§ **Task goal**
Reproduce the data below exactly as written. Pictures do not belong in the copy.

════════════════════

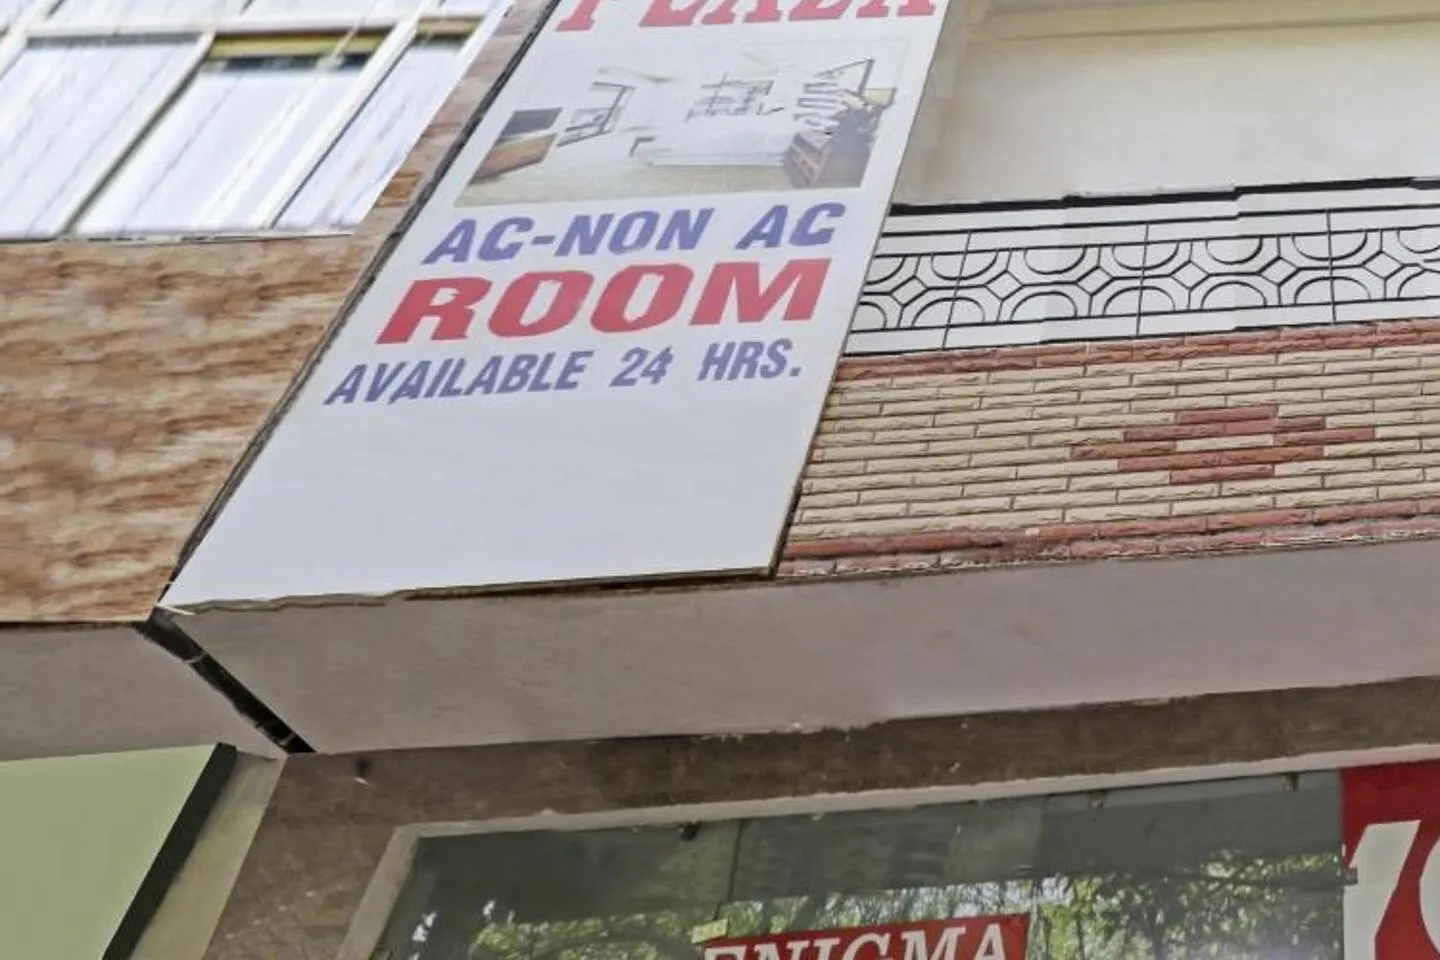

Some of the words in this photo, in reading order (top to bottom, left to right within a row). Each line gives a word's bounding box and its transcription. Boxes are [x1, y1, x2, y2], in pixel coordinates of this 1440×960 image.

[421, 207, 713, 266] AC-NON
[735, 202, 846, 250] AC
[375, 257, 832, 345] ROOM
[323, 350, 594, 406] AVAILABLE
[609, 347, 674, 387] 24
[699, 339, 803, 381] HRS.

════════════════════

§ **Task answer**
Some of the words in this photo, in reading order (top to bottom, left to right within a row). Each line gives a word's bounding box and its transcription. Boxes are [x1, y1, x2, y2], in pixel coordinates of this 1440×960 image.

[421, 207, 713, 266] AC-NON
[735, 202, 846, 250] AC
[375, 257, 832, 345] ROOM
[323, 350, 594, 406] AVAILABLE
[609, 347, 674, 387] 24
[699, 339, 803, 381] HRS.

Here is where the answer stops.